Our study shows that there is a statistically significant increase in HDL cholesterol. The evidence that an obvious increase in plasma HDL-C occurs after Ramadan fasting is promising, as observed in some studies [26,27,28].

Our study demonstrates that there is a statistically significant decrease in AST, ALT, and alkaline phosphatase after Ramadan fasting. The ALT enzyme decreases significantly after Ramadan in the present study that was along with Unalacak et al.’s findings [29], and Arabi et al.’s study on 50 NAFLD patients revealed that Ramadan fasting was associated with decreased serum insulin, ALT level, and systolic and diastolic blood pressure, with an increase in HDL-C after an average of 27 days of fasting [10]. Also, in a previous study, lifestyle change and losing at least 5% of body weight have a significant improvement on ALT enzyme in NAFLD patients [30].

However, in other studies, there is no significant change in ALT or AST enzymes [11, 31]. Also, Rahimi et al. reported an increase in ALT levels after Ramadan fasting in NAFLD patients [32].

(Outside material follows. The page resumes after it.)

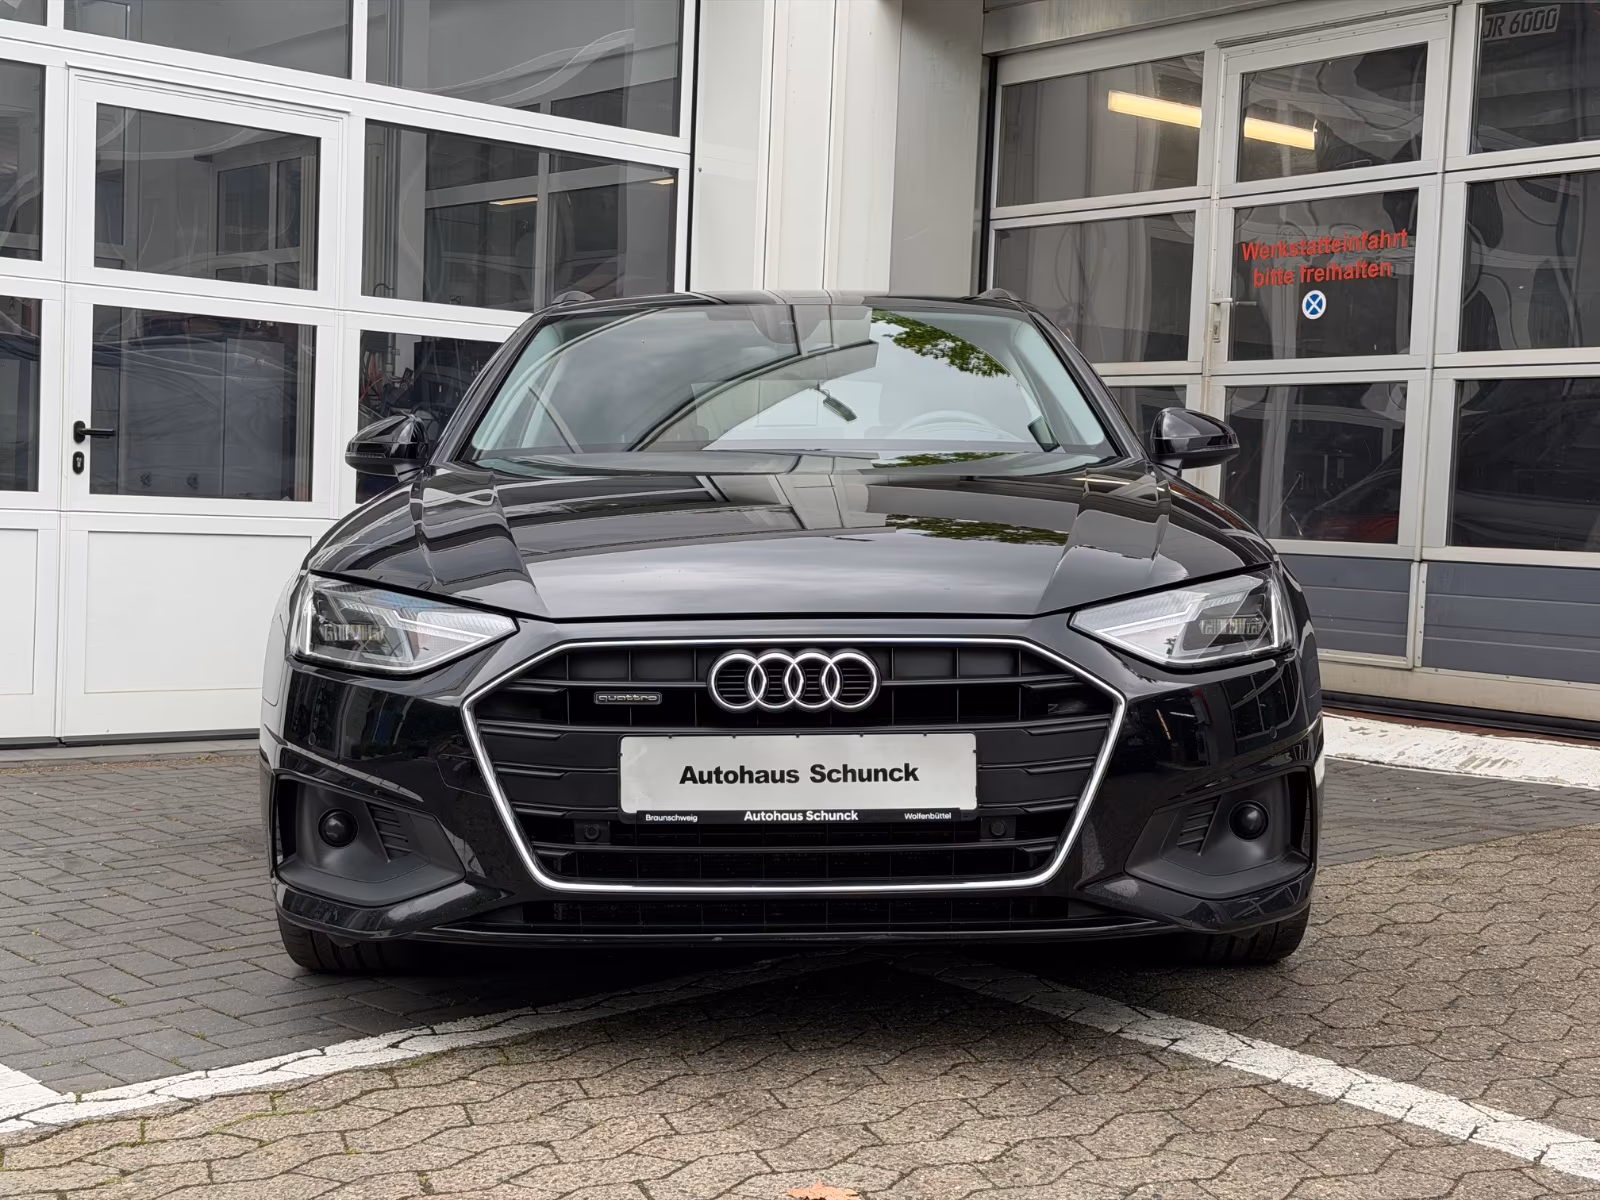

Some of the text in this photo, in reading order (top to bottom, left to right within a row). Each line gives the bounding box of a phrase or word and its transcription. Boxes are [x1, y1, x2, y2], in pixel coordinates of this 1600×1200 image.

Our study demonstrates that there is a statistically significant improvement after Ramadan fasting in FIB-4, CAP, and LSM. However, there is a non-significant change in NFS, so we suggest that Ramadan fasting could improve the liver condition in patients with NAFLD proved with a significant reduction in the CAP and LSM. This agrees with the dietary regimen used to reduce weight for both lean and obese NASH patients and found significant improvement in histopathology in both groups 1 year after weight reduction [33].

On the other hand, there is a statistically non-significant change in ultrasonographic grading of fatty liver before and after Ramadan fasting during the short duration of this study. This is not in agreement with that Ramadan fasting was found to improve liver steatosis as measured by ultrasound grading in NAFLD patients in the study of Aliasghari et al. [34].

Our study included 2 patients with hypothyroidism; this is not enough to relate between hypothyroidism and NAFLD. Although the meta-analysis of He et al. showed strong epidemiological evidence for the significant relationship between hypothyroidism and NAFLD, patients with hypothyroidism either subclinical or overt are at a higher risk for development of NAFLD than those with normal thyroid function [35].

The strength of our study is that this is the first prospective study for the effect of Ramadan fasting on hepatic steatosis as quantified by controlled attenuation parameter (CAP). Certain limitations of our study are that our study is observational and has a relatively small sample size, which might limit the generalizability of the result. Further studies are recommended to confirm this study’s results after excluding other comorbidities, e.g., hypothyroidism.

In conclusion, our results showed an improvement of FibroScan and biochemical parameters of patients with NAFLD after Ramadan fasting, and this study suggested that Ramadan fasting may be effective in improving the liver steatosis in NAFLD patients. Further studies with a large sample are recommended to confirm our results and approve fasting as a potential treatment for NAFLD.